Digital Queue Management System. Should a physical medical centre visit be required, the digital queue management system enables patients to book medical centre appointments remotely and receive updates on the waiting time to consultation before deciding on the most appropriate time to arrive at the medical centre. This reduces waiting time at the medical centre and serves as an effective crowd management tool.
Mobile Application for Air Base Logistics and Medical Support. This is an integrated mobile application serving a variety of Air Base-related functions. A first-responder function has been embedded within the application with location pinning capability to facilitate ambulance dispatch in the event of an in-base medical emergency. The digitalisation of such a critical function negates the need to memorise telephone numbers and provide complex descriptions to direct medical staff during emergencies.
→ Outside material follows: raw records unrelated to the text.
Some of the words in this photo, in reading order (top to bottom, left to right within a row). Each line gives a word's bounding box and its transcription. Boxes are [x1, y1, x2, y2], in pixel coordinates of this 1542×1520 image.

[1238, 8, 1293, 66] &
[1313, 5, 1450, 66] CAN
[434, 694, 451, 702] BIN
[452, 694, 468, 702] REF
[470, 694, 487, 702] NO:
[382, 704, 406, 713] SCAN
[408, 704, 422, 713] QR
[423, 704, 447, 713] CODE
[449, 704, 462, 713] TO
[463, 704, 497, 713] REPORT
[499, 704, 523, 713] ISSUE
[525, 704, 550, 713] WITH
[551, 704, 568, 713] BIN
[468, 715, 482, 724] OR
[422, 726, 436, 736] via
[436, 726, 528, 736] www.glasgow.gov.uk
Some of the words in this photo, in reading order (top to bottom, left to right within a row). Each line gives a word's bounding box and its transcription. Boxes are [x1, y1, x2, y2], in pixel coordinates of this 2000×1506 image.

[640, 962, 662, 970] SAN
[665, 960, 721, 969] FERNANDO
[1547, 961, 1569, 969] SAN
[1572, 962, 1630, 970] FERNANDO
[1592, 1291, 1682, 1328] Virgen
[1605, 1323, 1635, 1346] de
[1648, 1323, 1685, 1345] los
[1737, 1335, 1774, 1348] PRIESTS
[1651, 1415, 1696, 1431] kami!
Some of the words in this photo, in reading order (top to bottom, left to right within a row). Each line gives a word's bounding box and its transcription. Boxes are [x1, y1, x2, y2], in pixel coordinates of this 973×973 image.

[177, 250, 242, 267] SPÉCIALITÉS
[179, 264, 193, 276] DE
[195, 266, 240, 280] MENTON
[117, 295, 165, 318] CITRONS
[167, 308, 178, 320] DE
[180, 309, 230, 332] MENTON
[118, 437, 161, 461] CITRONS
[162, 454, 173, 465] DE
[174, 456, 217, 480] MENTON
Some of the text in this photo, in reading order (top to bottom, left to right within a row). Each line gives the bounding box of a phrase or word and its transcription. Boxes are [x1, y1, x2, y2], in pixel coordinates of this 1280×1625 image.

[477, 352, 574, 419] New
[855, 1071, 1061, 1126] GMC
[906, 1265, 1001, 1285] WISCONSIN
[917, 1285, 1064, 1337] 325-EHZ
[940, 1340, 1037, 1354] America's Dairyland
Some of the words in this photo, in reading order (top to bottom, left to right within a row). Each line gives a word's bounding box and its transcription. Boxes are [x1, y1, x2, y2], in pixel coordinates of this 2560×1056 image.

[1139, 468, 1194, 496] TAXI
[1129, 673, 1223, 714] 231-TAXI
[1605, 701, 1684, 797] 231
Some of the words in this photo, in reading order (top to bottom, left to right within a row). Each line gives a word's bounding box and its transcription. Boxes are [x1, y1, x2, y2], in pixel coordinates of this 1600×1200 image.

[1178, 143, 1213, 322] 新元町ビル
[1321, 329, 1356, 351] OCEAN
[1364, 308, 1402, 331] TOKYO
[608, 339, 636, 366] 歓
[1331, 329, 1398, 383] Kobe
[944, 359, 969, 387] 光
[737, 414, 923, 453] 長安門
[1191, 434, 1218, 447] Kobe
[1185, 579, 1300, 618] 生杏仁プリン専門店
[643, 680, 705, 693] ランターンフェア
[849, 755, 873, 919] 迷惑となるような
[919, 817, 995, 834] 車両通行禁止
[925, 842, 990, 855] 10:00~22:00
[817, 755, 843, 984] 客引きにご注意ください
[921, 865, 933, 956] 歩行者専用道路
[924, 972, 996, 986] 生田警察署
1-visit Health Screening Programme (HSP). The 1-visit HSP has been implemented in all RSAF medical centres since May 20. This programme streamlines the conventional two- visit conduct of the HSP (the first visit for the conduct of medical investigations and second visit for the medical consultation) into a single visit involving both processes, resulting in time- and commute-savings for both Active and NSmen personnel. A second consultation will only be required if any of the investigations return abnormal. Following on from this optimised process, TAB MC will trial the incorporation of tele-consultation for suitable cases.
Evening Clinics. Acknowledging the busy schedules of our NSmen, TAB MC has trialled the conduct of evening clinics for NSmen to better cater to their daytime commitments. This increases overall convenience for our NSmen population and minimises barriers to healthcare accessibility.
Rigorous and Realistic Medical Training. All Singapore Armed Forces (SAF) Medical Officers and Medics undergo rigorous and realistic medical training, incorporating the use of high-fidelity manikins, to maintain medical response standards and upkeep competency levels. The SAF's medical staff are knowledgeable, well-equipped and always prepared to respond to medical emergencies.
Medical Tunics. To project a professional image as the face of RSAF's healthcare, customised medical tunics were designed, taking into account hygiene considerations, with functionality and overall image portrayal as focal points. These tunics have additional pockets for storage of medical accessories, are more comfortable when worn while performing medical procedures, and are laundered centrally within the medical centre at the end of each day.
Service Excellence Course for Medics. To provide high quality customer service to engender a positive patient experience, all RSAF Medics undergo a service-oriented course, which equips them with the relevant knowledge and skillsets to increase service consciousness and improve service quality.
1 The conventional means of patient identity verification, registration and swab labelling via manual methods would require approximately 5 to 10 minutes. Following digitalisation, this process can be easily completed within 2 to 3 minutes.
2 Tele-consultation refers to interactions between remote healthcare professionals and patients/ caregivers for the purposes of direct clinical care, e.g. triage, history, examination, diagnosis and treatment.
3 Tele-collaboration refers to interactions between (facility-based or mobile) on-site and remote healthcare professionals for clinical purposes, e.g. referral, co-diagnosis, supervision or case review.
4 Servicemen undergoing Operationally Ready Date (ORD) Fitness for Instruction (FFI) medical reviews and the Health Screening Programme (HSP).